Problem to work on>
Although the entries contain pictures, return everything else in them verbatim and omit the pictures.

--- --- ---

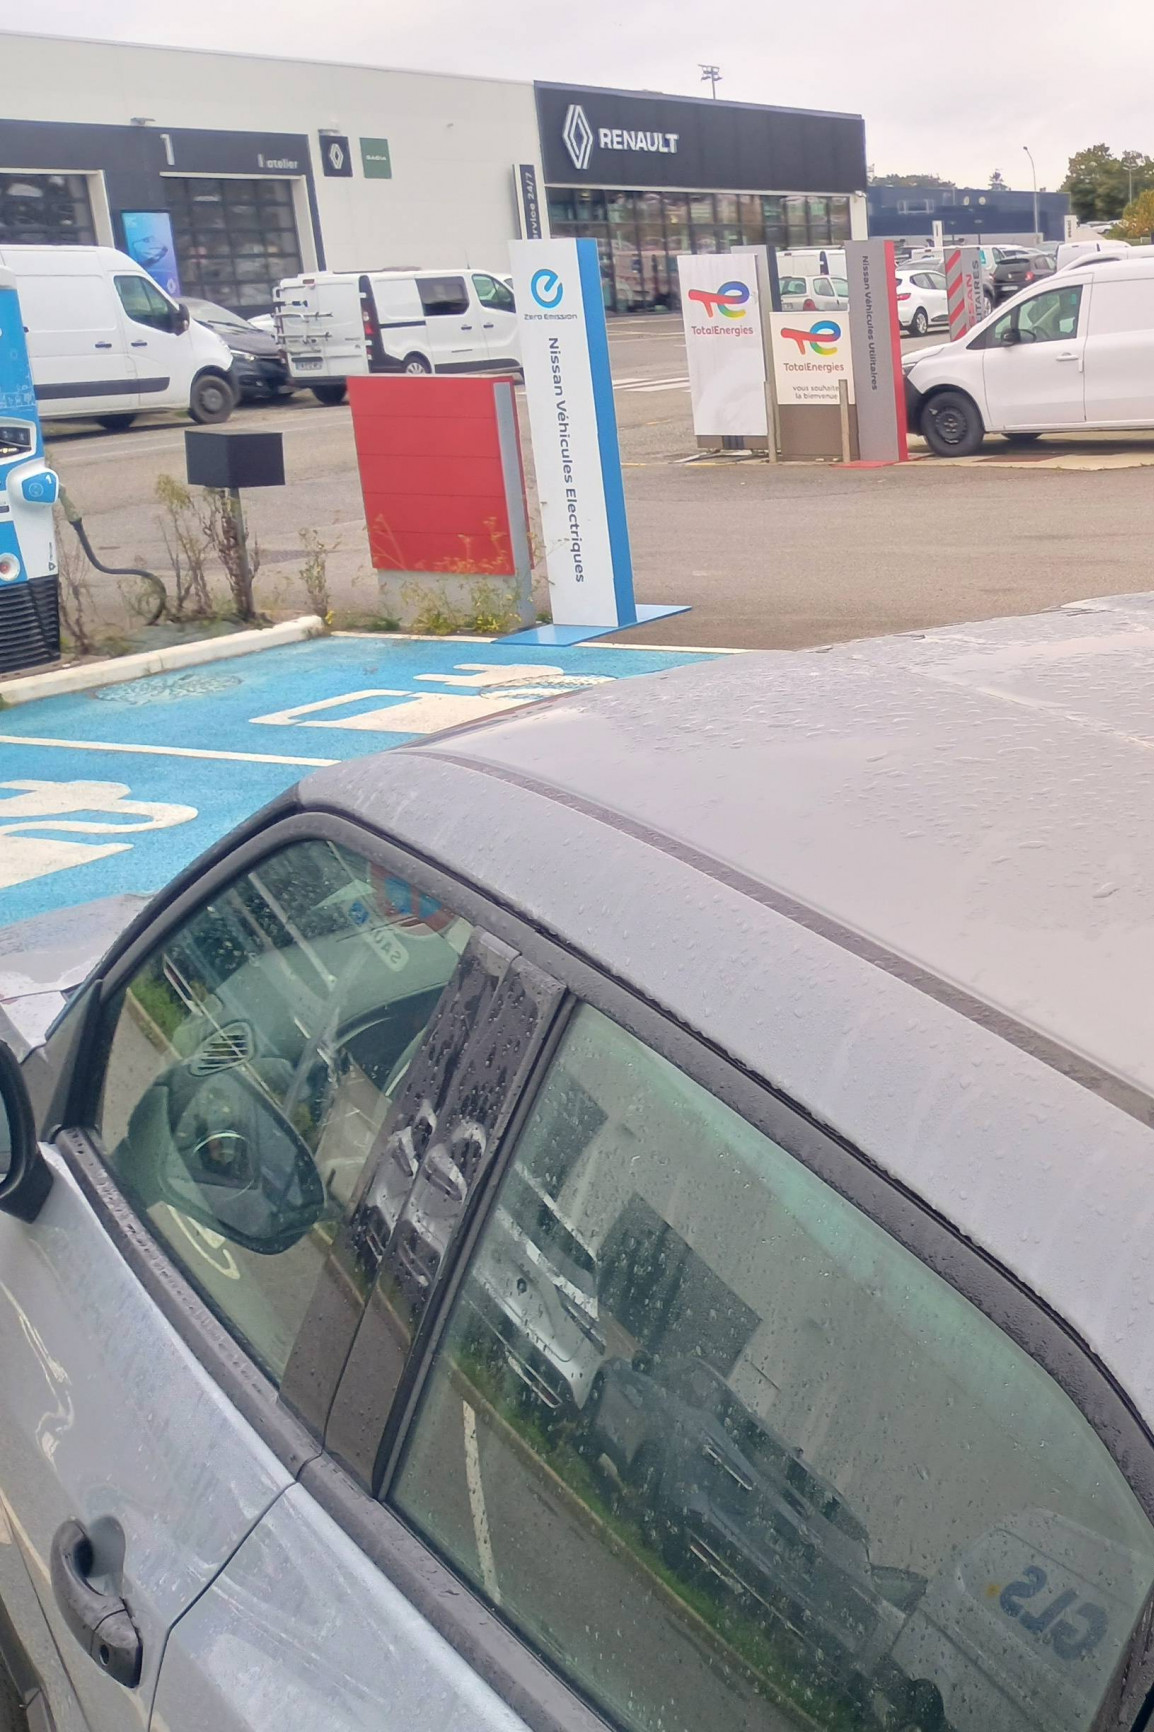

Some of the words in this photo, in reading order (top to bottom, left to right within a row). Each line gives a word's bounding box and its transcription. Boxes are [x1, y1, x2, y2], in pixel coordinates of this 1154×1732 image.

[598, 128, 680, 154] RENAULT
[525, 172, 535, 200] 24/7
[862, 255, 870, 290] Nissan
[691, 324, 754, 337] TotalEnergies
[864, 291, 874, 340] Véhicules
[783, 362, 845, 374] TotalEnergies
[868, 342, 878, 391] Utilitaires
[548, 337, 563, 397] Nissan
[556, 400, 574, 484] Véhicules
[566, 488, 585, 583] Electriques
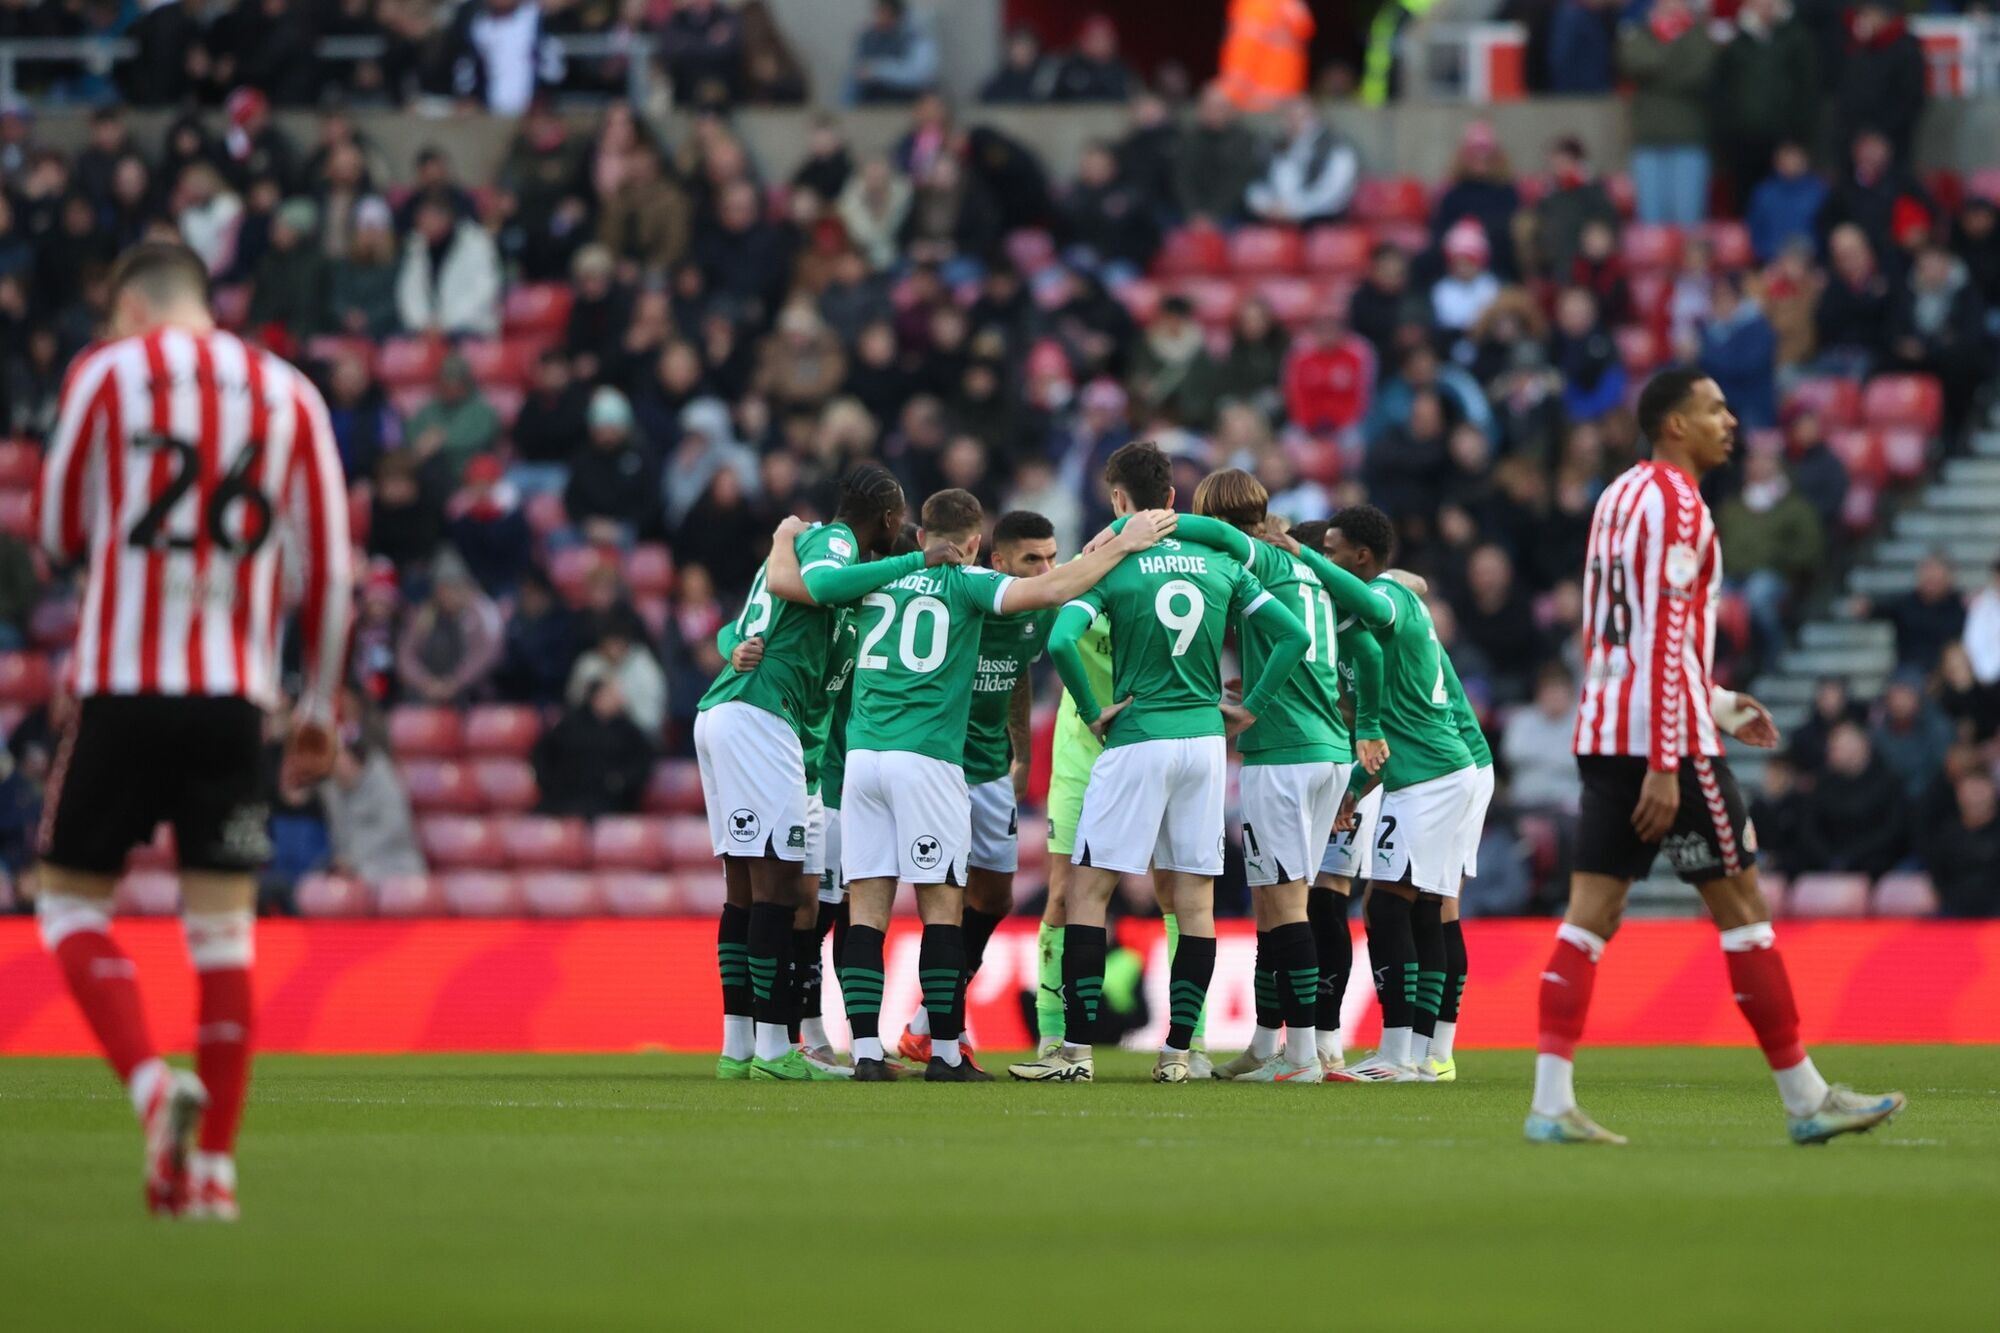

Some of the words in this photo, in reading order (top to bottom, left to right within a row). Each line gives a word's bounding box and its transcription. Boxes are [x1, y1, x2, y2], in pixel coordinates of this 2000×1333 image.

[129, 431, 274, 557] 26
[1138, 555, 1208, 574] HARDIE
[882, 574, 942, 595] ANDELL
[1155, 579, 1205, 657] 9
[1298, 582, 1336, 669] 11
[857, 592, 950, 673] 20
[977, 655, 1018, 673] lassic
[973, 674, 1017, 692] uilders
[1378, 815, 1397, 849] 2
[916, 855, 937, 863] retain
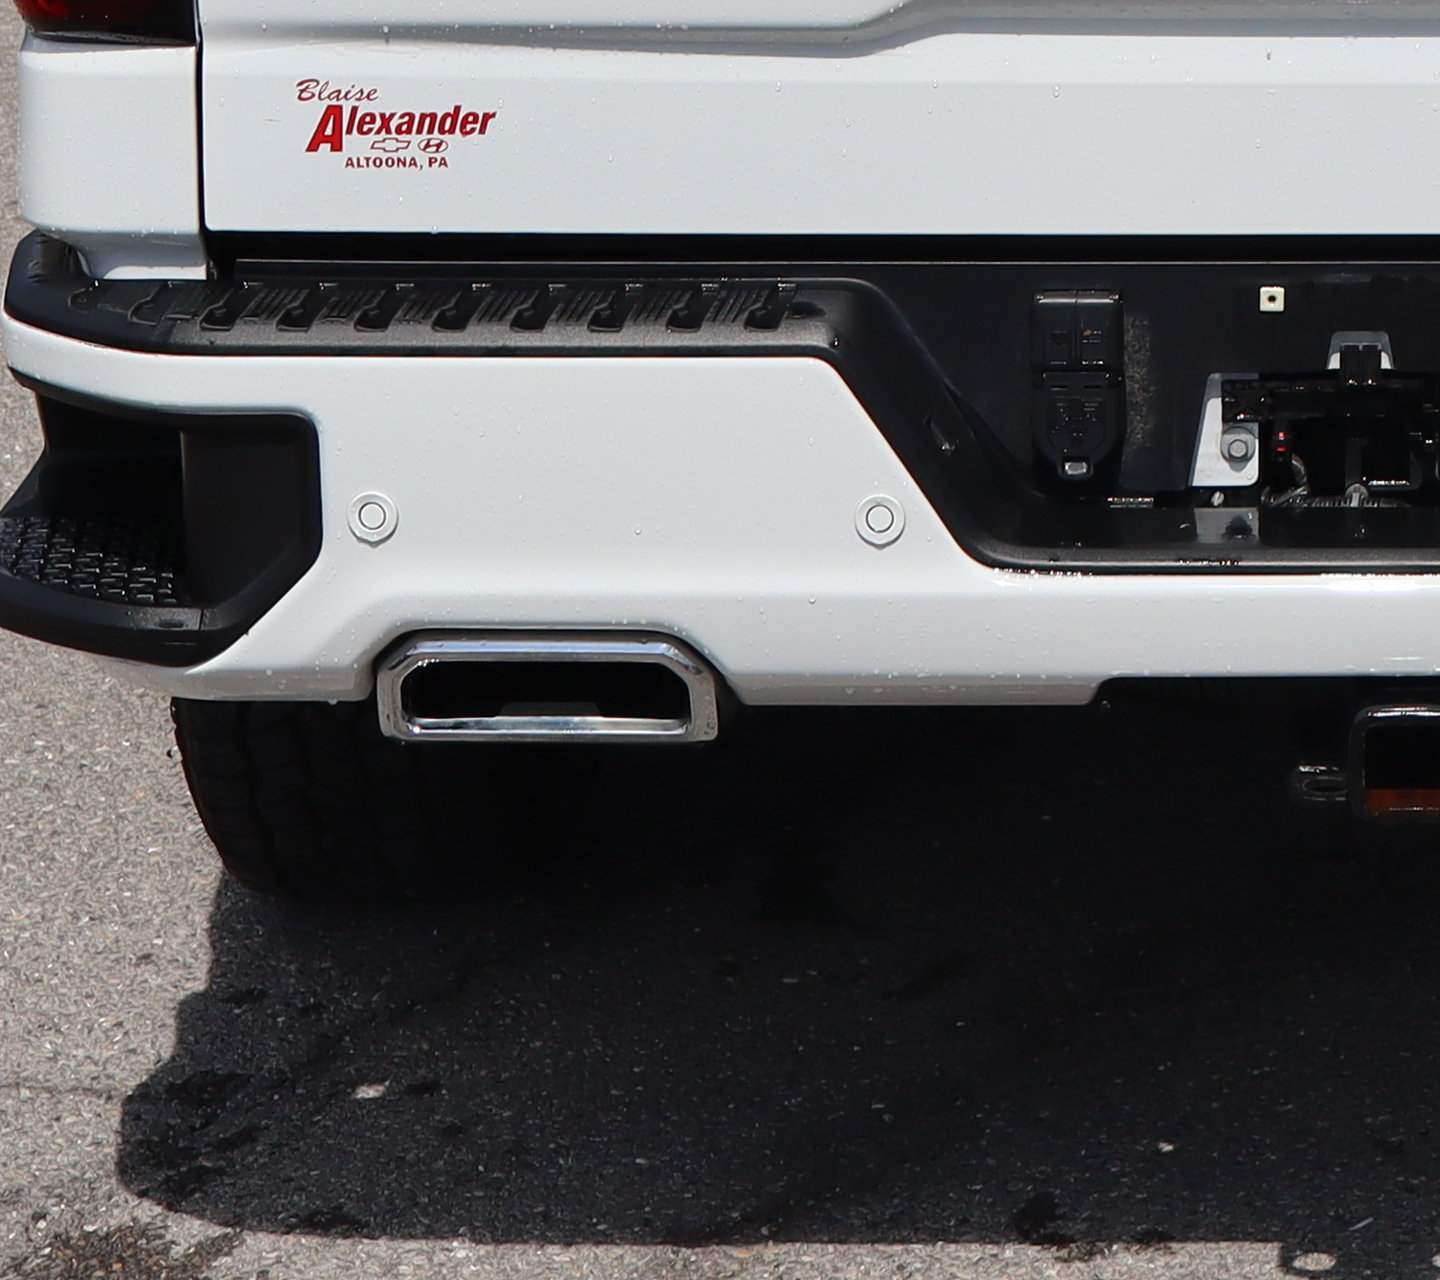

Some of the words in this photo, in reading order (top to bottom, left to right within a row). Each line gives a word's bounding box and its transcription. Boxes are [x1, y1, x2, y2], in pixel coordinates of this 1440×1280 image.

[295, 78, 379, 102] Blaise
[305, 104, 497, 153] Alexander
[345, 157, 424, 171] ALTOONA,
[428, 157, 449, 168] PA

--- --- ---

Reply>
Some of the words in this photo, in reading order (top to bottom, left to right within a row). Each line gives a word's bounding box and its transcription. Boxes are [x1, y1, x2, y2], in pixel coordinates of this 1154×1732 image.

[598, 128, 680, 154] RENAULT
[525, 172, 535, 200] 24/7
[862, 255, 870, 290] Nissan
[691, 324, 754, 337] TotalEnergies
[864, 291, 874, 340] Véhicules
[783, 362, 845, 374] TotalEnergies
[868, 342, 878, 391] Utilitaires
[548, 337, 563, 397] Nissan
[556, 400, 574, 484] Véhicules
[566, 488, 585, 583] Electriques

Some of the words in this photo, in reading order (top to bottom, left to right within a row). Each line gives a word's bounding box and its transcription. Boxes are [x1, y1, x2, y2], in pixel coordinates of this 2000×1333 image.

[129, 431, 274, 557] 26
[1138, 555, 1208, 574] HARDIE
[882, 574, 942, 595] ANDELL
[1155, 579, 1205, 657] 9
[1298, 582, 1336, 669] 11
[857, 592, 950, 673] 20
[977, 655, 1018, 673] lassic
[973, 674, 1017, 692] uilders
[1378, 815, 1397, 849] 2
[916, 855, 937, 863] retain

Some of the words in this photo, in reading order (top to bottom, left to right within a row). Each line gives a word's bounding box and its transcription. Boxes are [x1, y1, x2, y2], in pixel coordinates of this 1440×1280 image.

[295, 78, 379, 102] Blaise
[305, 104, 497, 153] Alexander
[345, 157, 424, 171] ALTOONA,
[428, 157, 449, 168] PA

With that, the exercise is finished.